Start of MATERIAL FOR THIS TASK
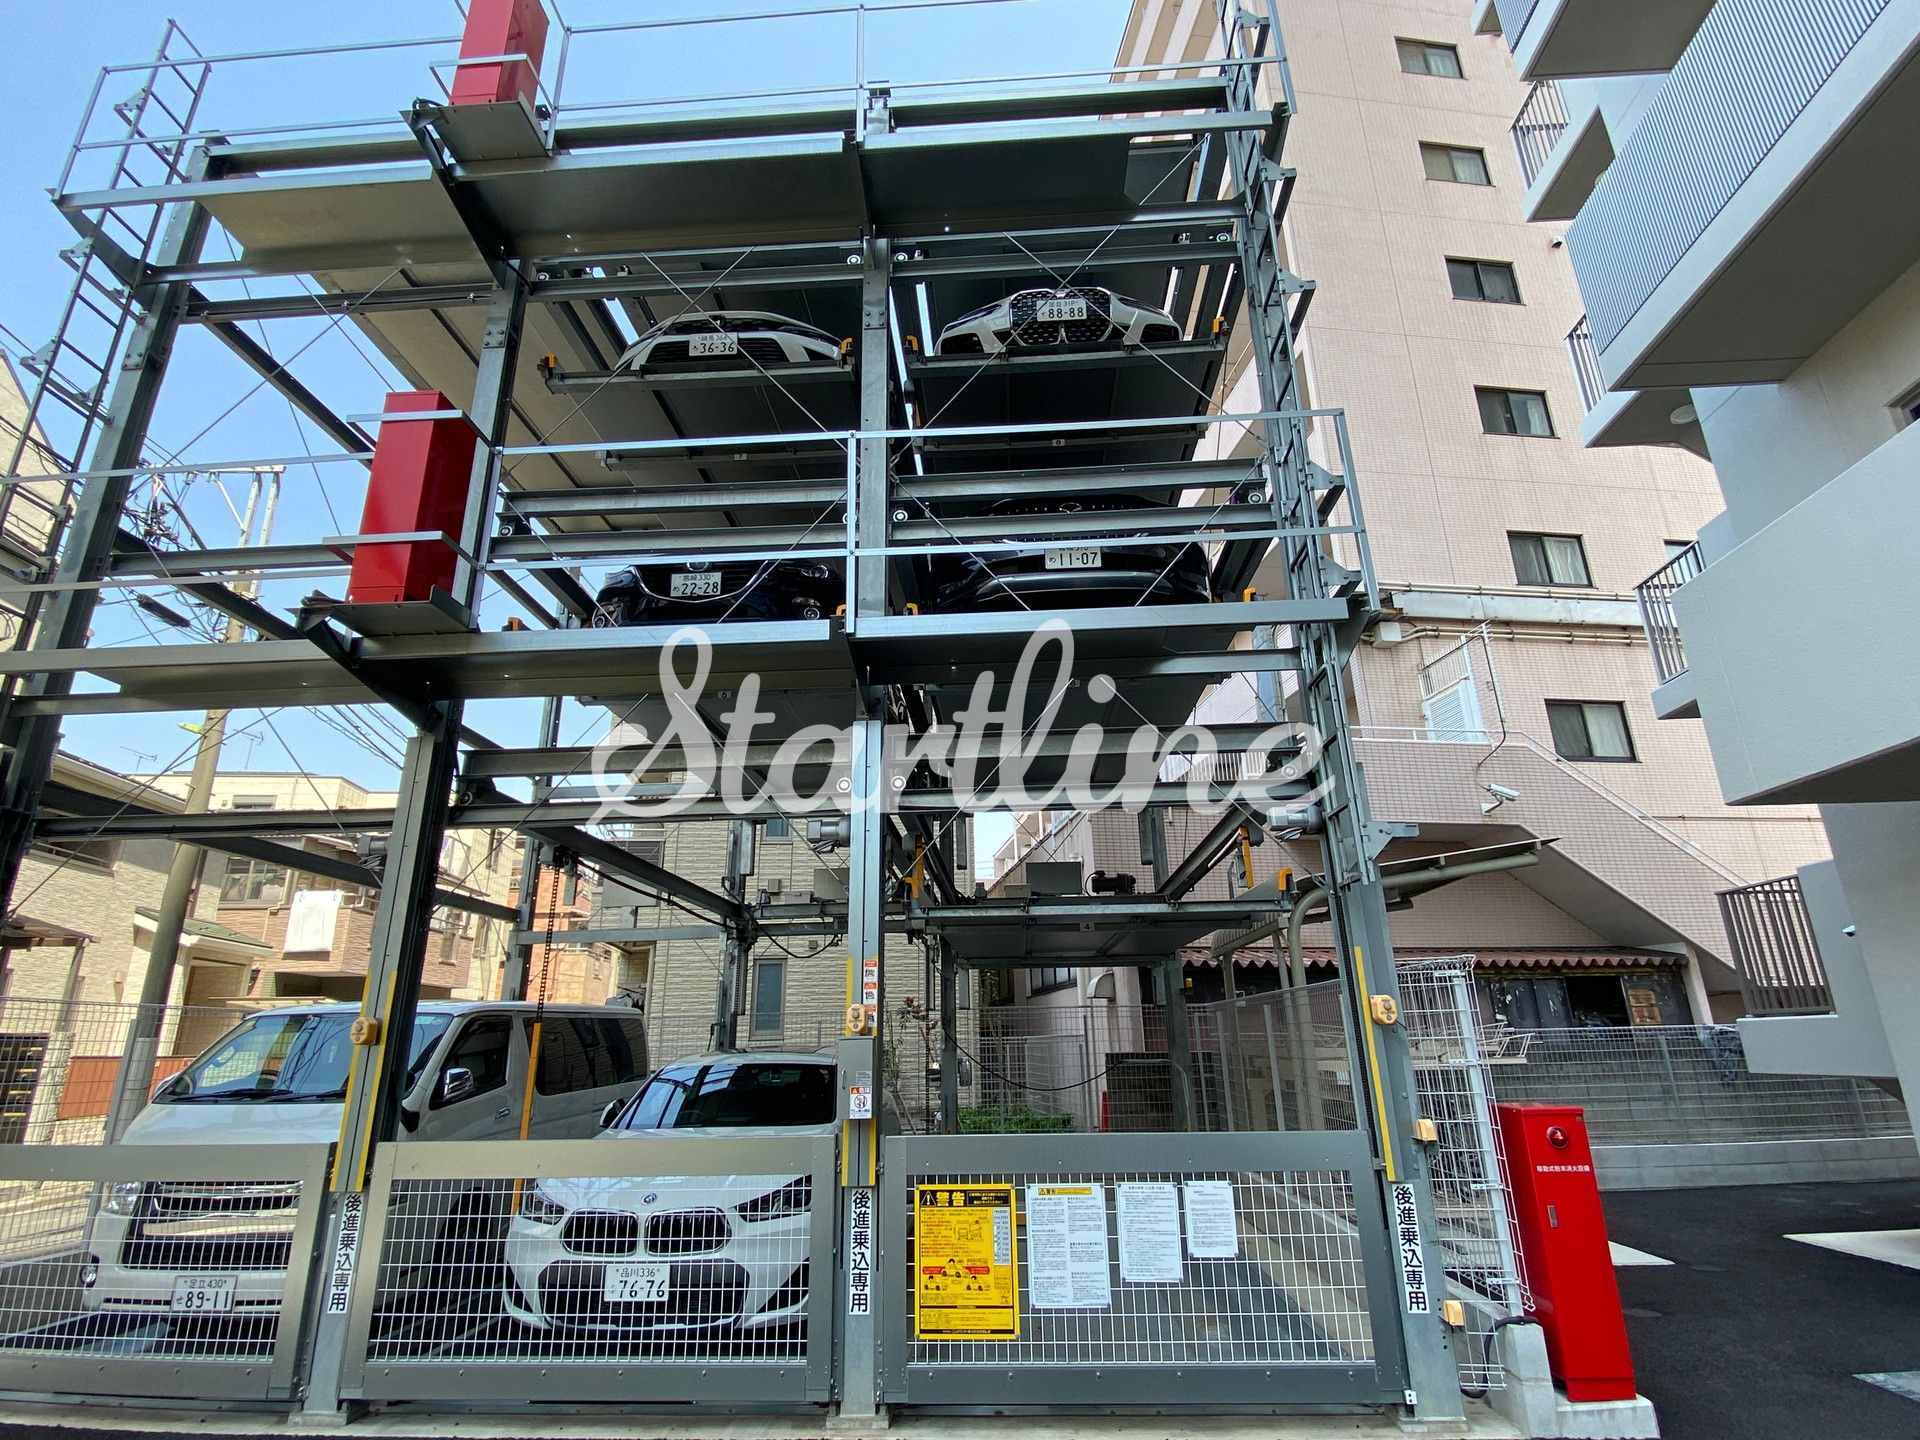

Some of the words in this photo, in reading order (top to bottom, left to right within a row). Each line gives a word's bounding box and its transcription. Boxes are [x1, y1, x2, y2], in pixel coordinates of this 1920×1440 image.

[1049, 307, 1083, 319] 88-88
[700, 341, 735, 354] 36-36
[1059, 551, 1098, 566] 11-07
[681, 581, 719, 595] 22-28
[936, 1191, 966, 1207] 警告
[328, 1193, 362, 1312] 後進乗込専用
[851, 1189, 871, 1313] 後進乗込専用
[1394, 1185, 1428, 1312] 後進乗込専用
[620, 1267, 656, 1278] 品川336
[189, 1279, 224, 1289] 足立430
[618, 1279, 666, 1299] 76-76
[185, 1290, 230, 1309] 89-11
End of MATERIAL FOR THIS TASK
EXERCISE AIM —
Copy the entries exactly. No pictures.

RESULT OF THE EXERCISE —
Some of the words in this photo, in reading order (top to bottom, left to right within a row). Each line gives a word's bounding box and its transcription. Boxes are [x1, y1, x2, y2], in pixel coordinates of this 1920×1440 image.

[1049, 307, 1083, 319] 88-88
[700, 341, 735, 354] 36-36
[1059, 551, 1098, 566] 11-07
[681, 581, 719, 595] 22-28
[936, 1191, 966, 1207] 警告
[328, 1193, 362, 1312] 後進乗込専用
[851, 1189, 871, 1313] 後進乗込専用
[1394, 1185, 1428, 1312] 後進乗込専用
[620, 1267, 656, 1278] 品川336
[189, 1279, 224, 1289] 足立430
[618, 1279, 666, 1299] 76-76
[185, 1290, 230, 1309] 89-11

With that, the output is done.